Makefile: can (GNU) make internally report whether a target needs updating?

This is my problem: I can build a binary in one of two ways and each has checks that can be done on them (under their own make targets); I would like a check target to run whichever target is appropriate dependent on which build target was run under a previous call of make: can this be done internally without touching files or some other "external" way of recording which build target was run?

An illustration may help:

.PHONY: all modified
all: $(obj)
    $(CXX) ... -o $(BIN)

modified: $(obj) $(extra_objs)
    $(CXX) ... -o $(BIN)


.PHONY: check check_all check_modified
check_all: all
    ...

check_modified: modified
    ...

check:
    # ??? Some makefile variable I don't know about?

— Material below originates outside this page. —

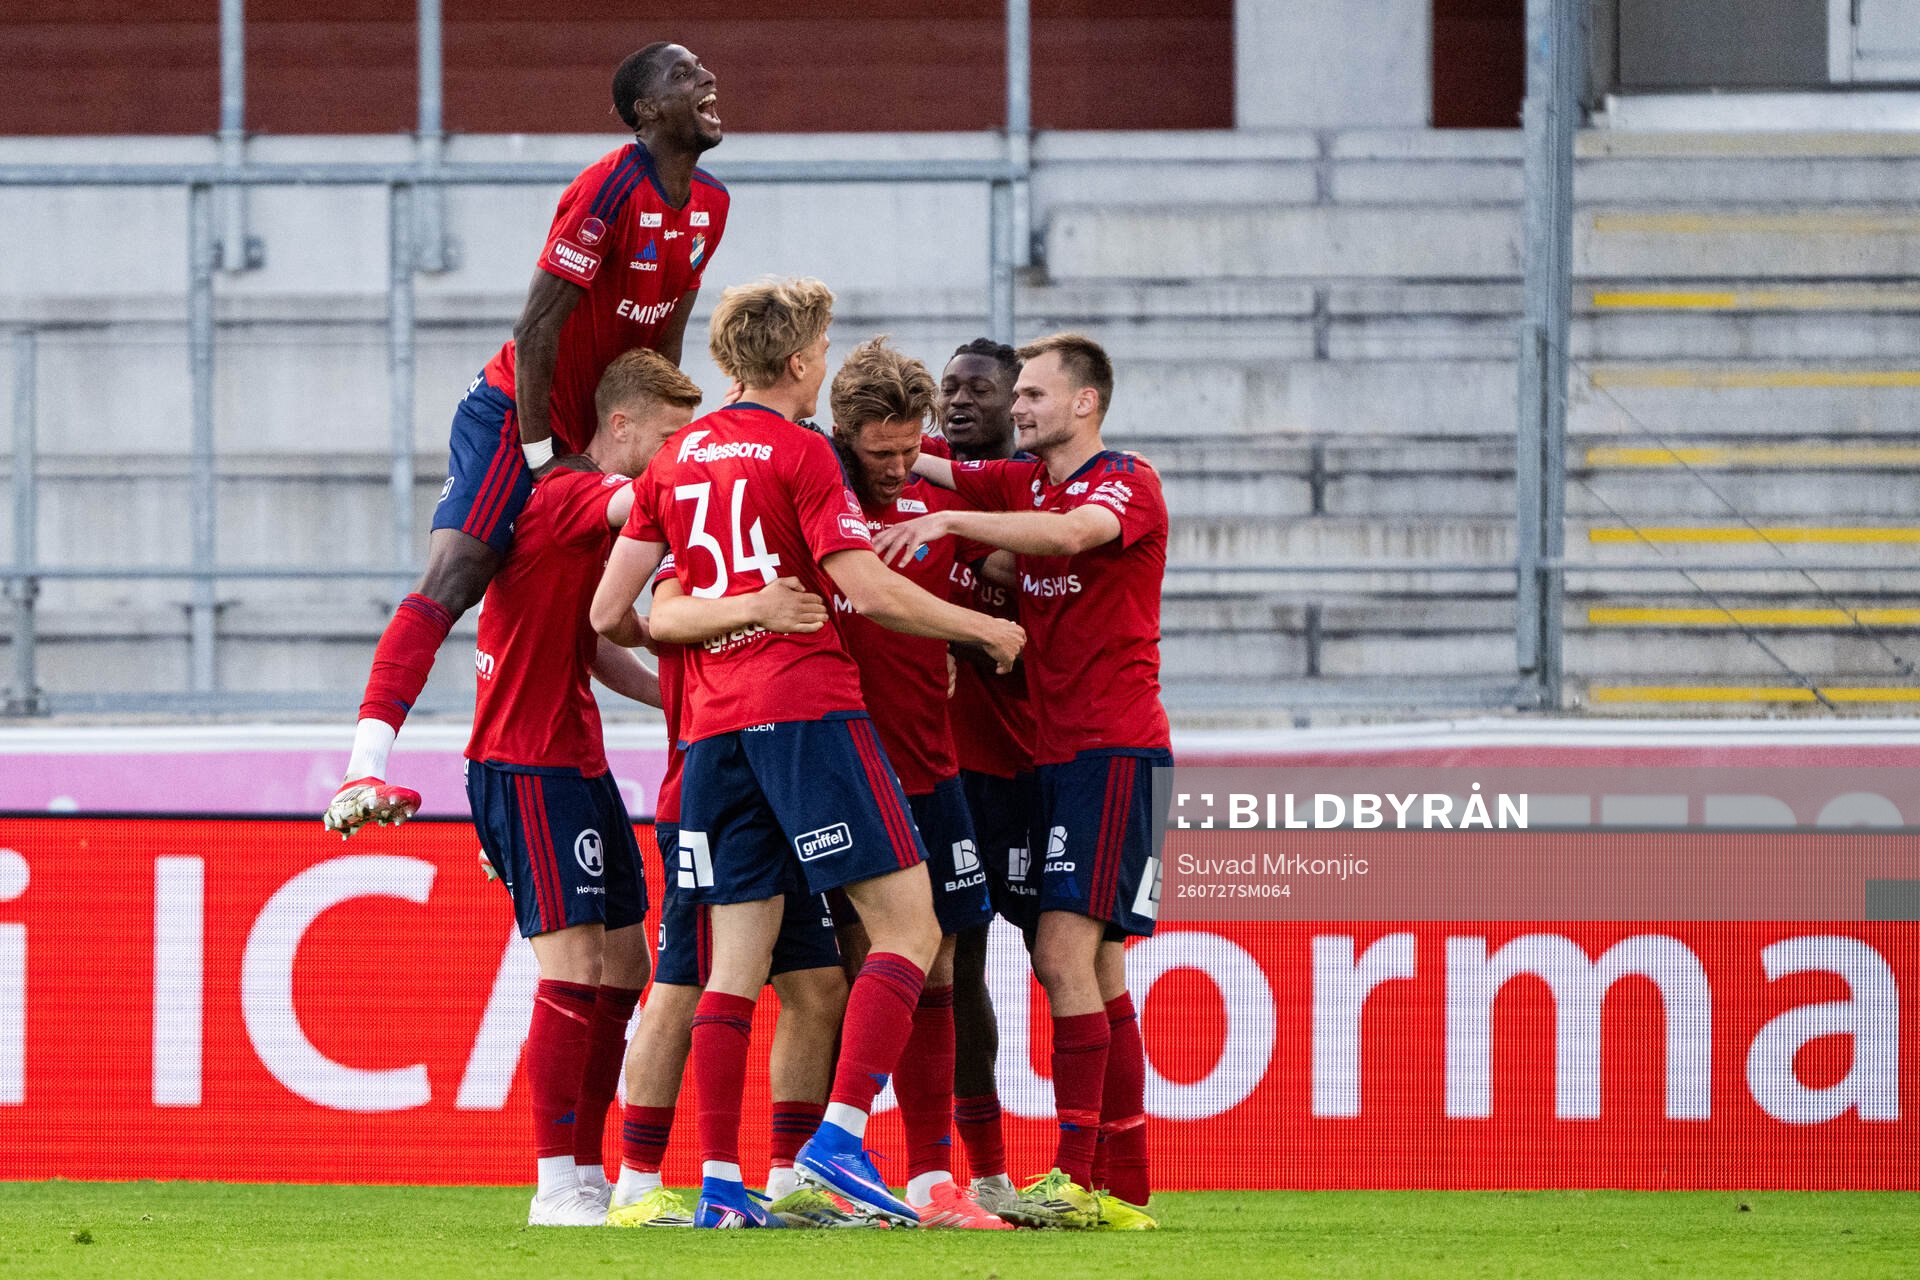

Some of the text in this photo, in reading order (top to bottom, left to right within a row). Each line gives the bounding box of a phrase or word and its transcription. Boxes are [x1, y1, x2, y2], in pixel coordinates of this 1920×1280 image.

so that I can ask this of the shell:

make X       # <-- X = {all, modifie开发者_StackOverflow社区d}
...          # <-- this is important: this is not a question of target dependency
make check   # <-- have `check' run `check_X' target

I figure that the only way for a particular make call to know which target was run before is by determining if it needs updating or not. Id est, if all is up-to-date, then run check_all, if modified is up-to-date then run check_modified, and default to check_all.

So, can I ask make "internally" whether target X would be updated if I asked to run it? "Internal" meaning no calling of $(MAKE) -n, or no touch Y and then asking the shell if [ -f Y ] ....

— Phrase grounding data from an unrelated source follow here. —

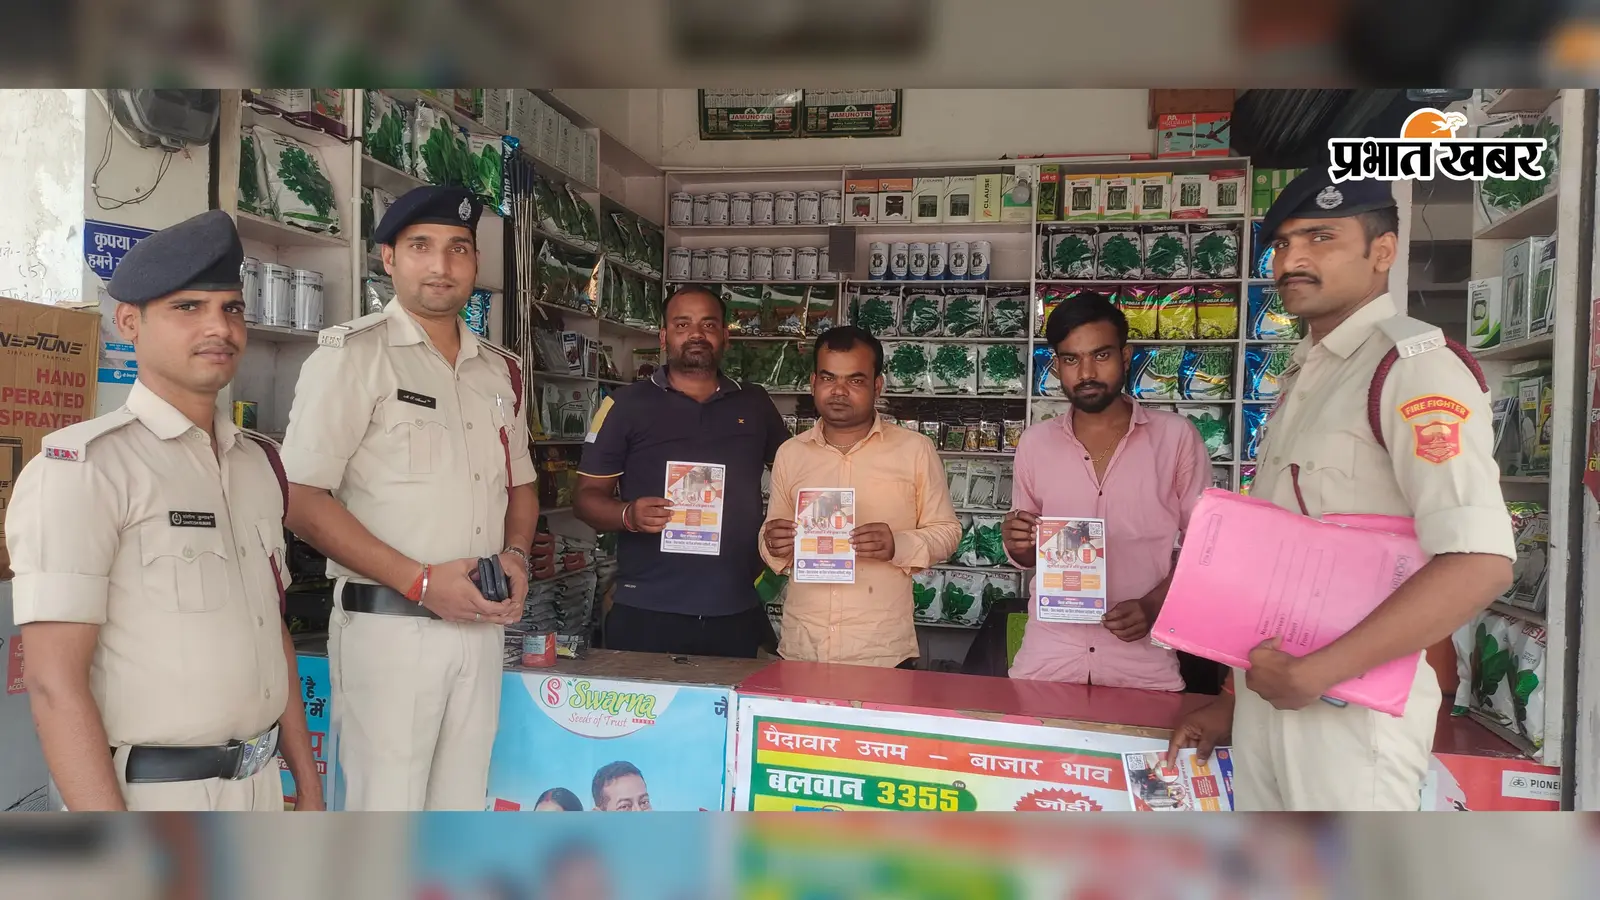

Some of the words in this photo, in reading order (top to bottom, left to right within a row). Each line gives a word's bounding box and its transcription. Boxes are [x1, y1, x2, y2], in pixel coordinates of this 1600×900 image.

[729, 113, 773, 121] JAMUNOTRI
[829, 111, 873, 119] JAMUNOTRI
[94, 231, 131, 252] कृपया
[87, 252, 113, 270] हमने
[0, 332, 83, 355] NEPTUNE
[36, 367, 86, 388] HAND
[1405, 402, 1426, 416] FIRE
[1427, 399, 1467, 416] FIGHTER
[568, 680, 657, 719] Swarna
[568, 712, 591, 725] Seeds
[592, 713, 603, 728] of
[604, 715, 628, 728] Trust
[763, 724, 841, 753] पैदावार
[855, 739, 909, 761] उत्तम
[968, 752, 1044, 776] बाजार
[1061, 762, 1113, 784] भाव
[766, 768, 867, 801] बलवान
[877, 781, 960, 812] 3355
[1530, 779, 1560, 790] PIONE

As you can see, it's not quite a question of dependency because that, clearly, will build the dependency when all I want to do is check to see whether it has been run before. So, any ideas or (alternative suggestions)?

UPDATE:

OK, I guess the answer is: No. The best I can probably do is this:

.PHONY: check
check: $(if $(wildcard $(firstword $(extra_objs))),check_modified,check_all)

Obviously, this method is functionally the same as creating a file when creating one of the targets and then checking for that, but in this case the file I'm checking for is created anyway and unique to the target that creates it, which I suppose makes it slightly less ugly.

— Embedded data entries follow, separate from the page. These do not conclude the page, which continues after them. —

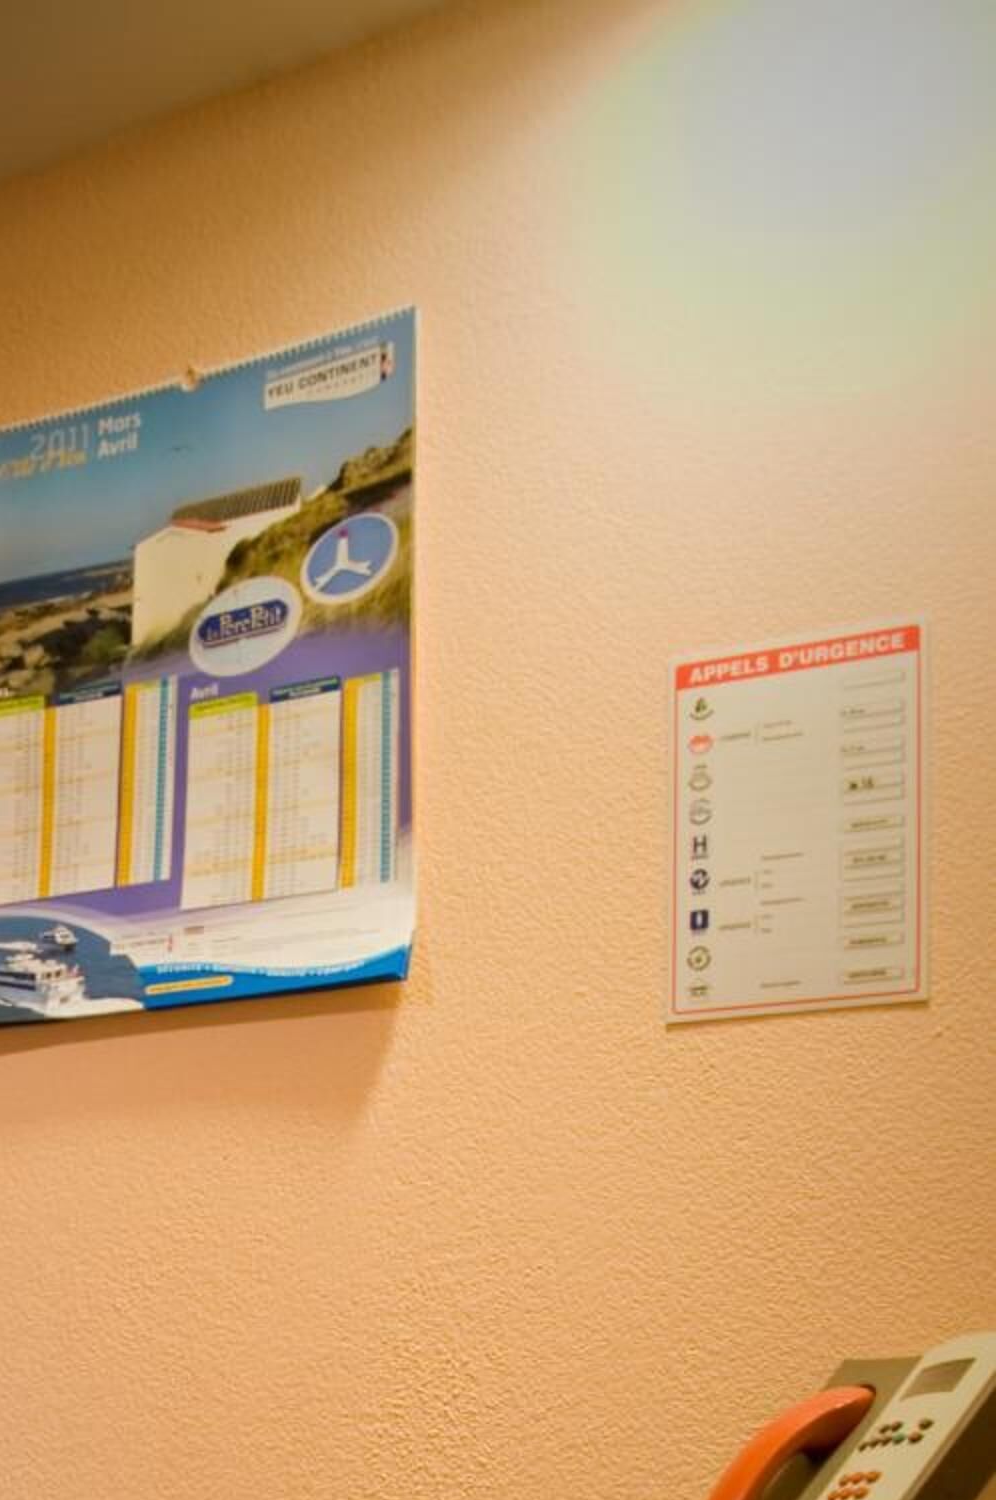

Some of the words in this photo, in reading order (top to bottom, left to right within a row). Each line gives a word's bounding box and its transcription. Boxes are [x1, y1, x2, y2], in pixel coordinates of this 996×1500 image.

[267, 382, 294, 398] YEU
[298, 353, 377, 390] CONTINENT
[97, 412, 141, 434] Mars
[29, 423, 89, 460] 2011
[97, 432, 138, 458] Avril
[689, 656, 770, 684] APPELS
[779, 632, 905, 669] D'URGENCE
[190, 682, 220, 700] Avril

(Note: I ran into the problem that:

.PHONY: check
check:
    $(MAKE) -q modified && $(MAKE) check_modified || $(MAKE) check_all

won't exactly work for the code I had above because all and modified are phony and so will always need updating as far as make is concerned, so that kind of rules that one out! But, it's a simple and concise way of solving the problem for targets named after the file they'd create so I'll mention it for reference.)

---

Maybe spawning another make internally with the -q flag helps?

Usage: make [options] [target] ...

Options:

[...]

-q, --question Run no commands; exit status says if up to date.

---

You could record the build type in a file and read that back later to pick the right "check" target like so:

all: $(obj)
    $(CXX) ... -o $(BIN)
    echo $@ > $(BIN)-kind

modified: $(obj) $(extra_objs)
    $(CXX) ... -o $(BIN)
    echo $@ > $(BIN)-kind

check: $(if $(wildcard $(BIN)-kind),check_$(shell cat $(BIN)-kind))

---

To answer the title of your question, see double colon rules. Quoting the manual:

Double-colon rules are somewhat obscure and not often very useful; they provide a mechanism for cases in which the method used to update a target differs depending on which prerequisite files caused the update, and such cases are rare.

Sounds (almost) just what you are after.